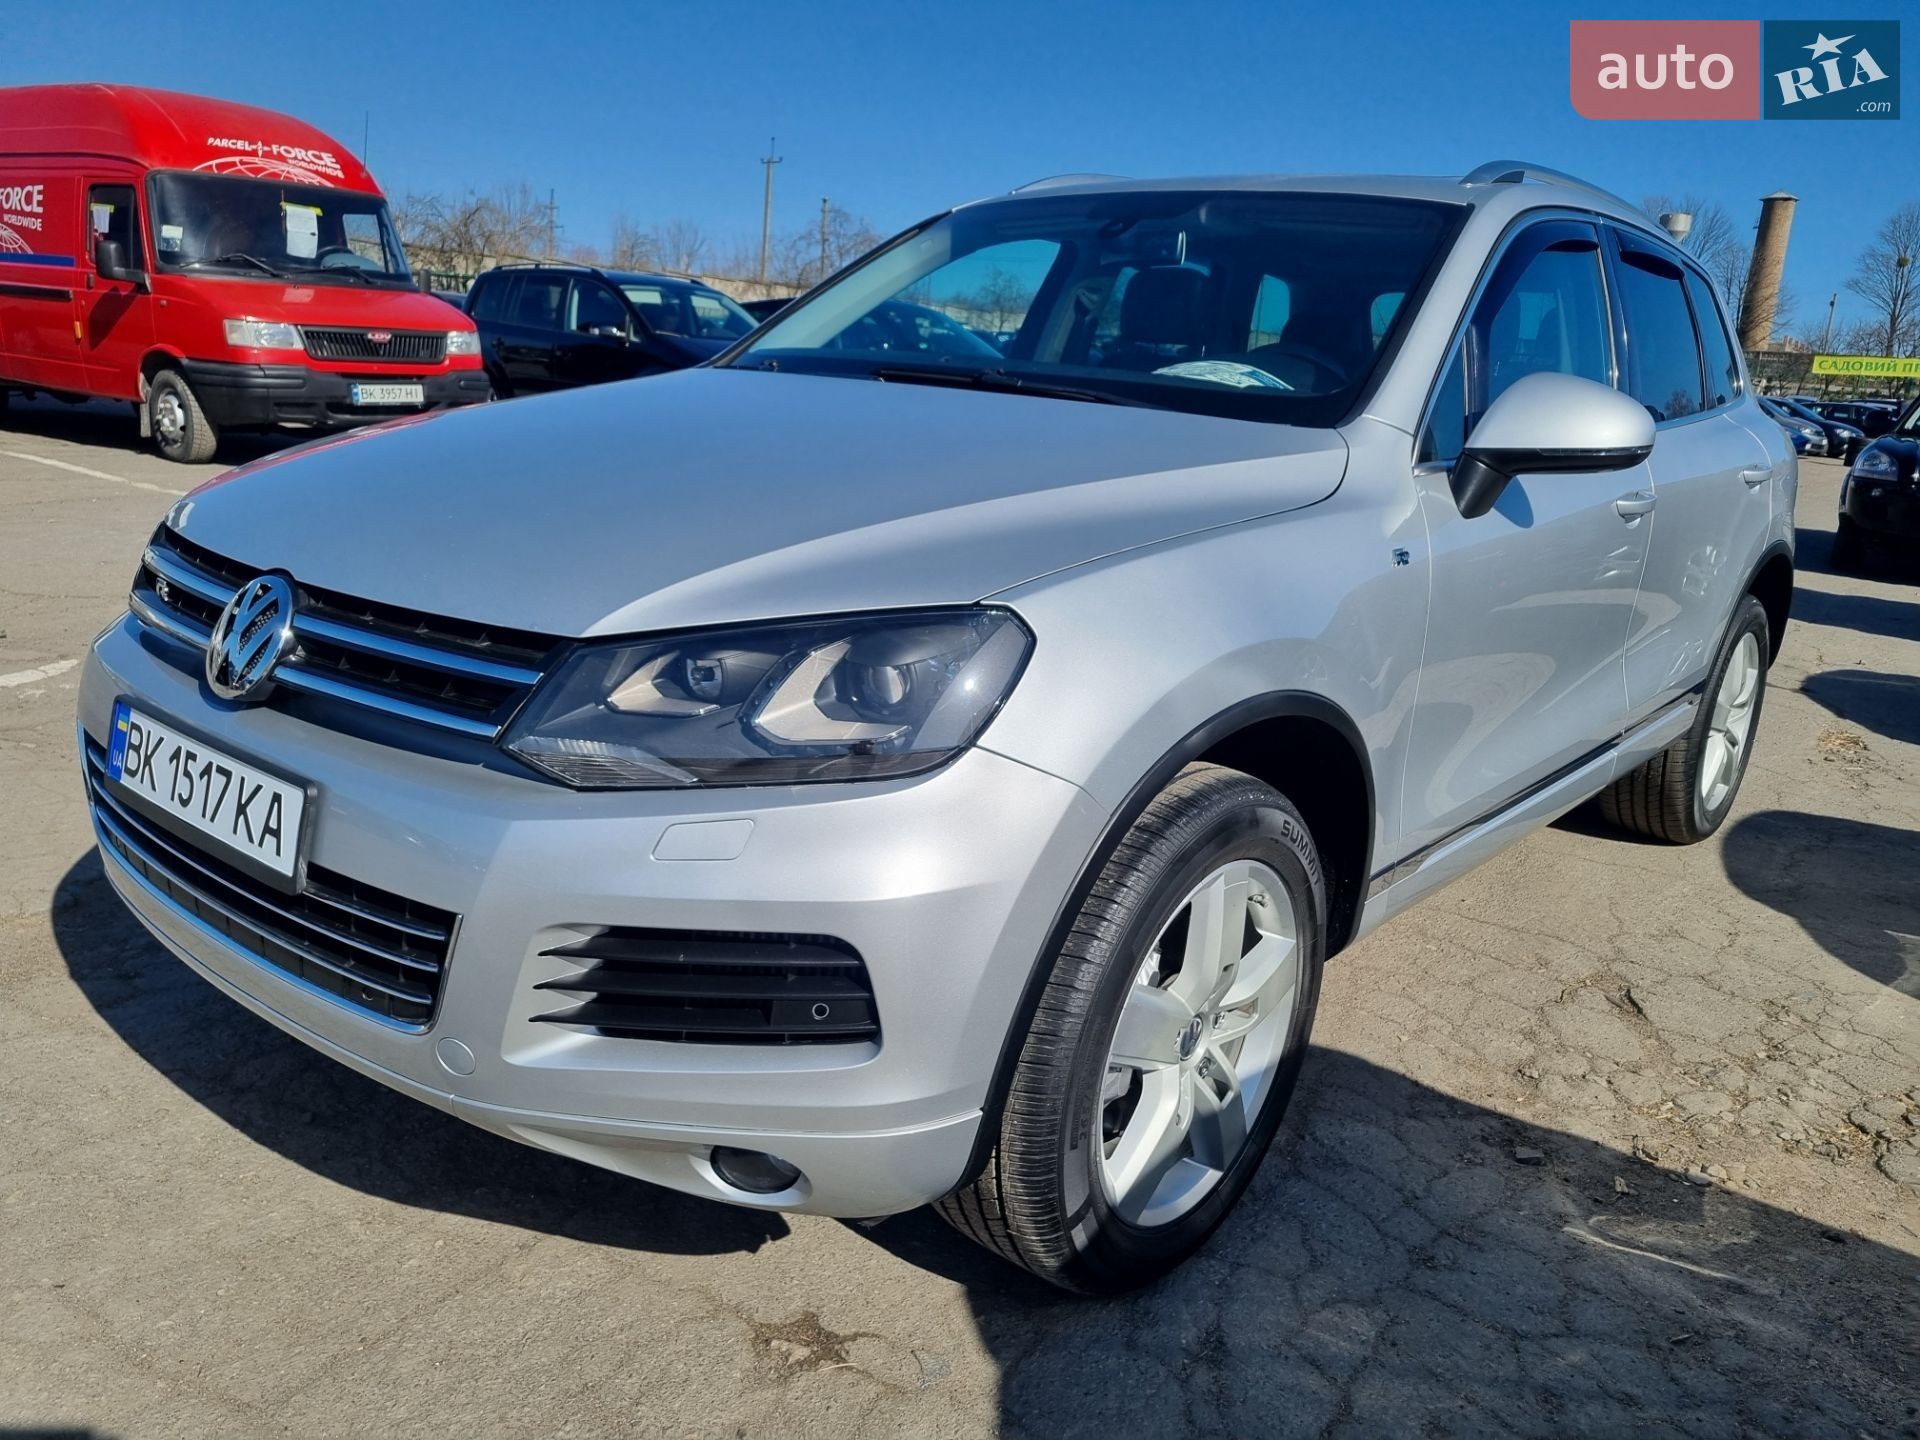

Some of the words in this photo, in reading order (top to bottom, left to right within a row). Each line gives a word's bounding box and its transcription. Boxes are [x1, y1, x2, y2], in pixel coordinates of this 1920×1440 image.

[207, 137, 252, 151] PARCEL
[271, 144, 341, 169] FORCE
[288, 158, 345, 179] WORLDWIDE
[3, 213, 42, 231] WORLDWIDE
[1819, 359, 1897, 372] САДОВИЙ
[361, 388, 376, 400] BK
[380, 388, 402, 400] 3957
[112, 753, 122, 769] UA
[124, 721, 164, 793] BK
[169, 745, 233, 824] 1517
[233, 776, 283, 857] KA
■ ■ ■ ■ ■ ■ ■
From the first line to the last, copy the records above exactly and drop any pictures.

■ RESULT:
Some of the words in this photo, in reading order (top to bottom, left to right within a row). Each line gives a word's bounding box and its transcription. Boxes are [x1, y1, x2, y2], in pixel coordinates of this 1920×1440 image.

[207, 137, 252, 151] PARCEL
[271, 144, 341, 169] FORCE
[288, 158, 345, 179] WORLDWIDE
[3, 213, 42, 231] WORLDWIDE
[1819, 359, 1897, 372] САДОВИЙ
[361, 388, 376, 400] BK
[380, 388, 402, 400] 3957
[112, 753, 122, 769] UA
[124, 721, 164, 793] BK
[169, 745, 233, 824] 1517
[233, 776, 283, 857] KA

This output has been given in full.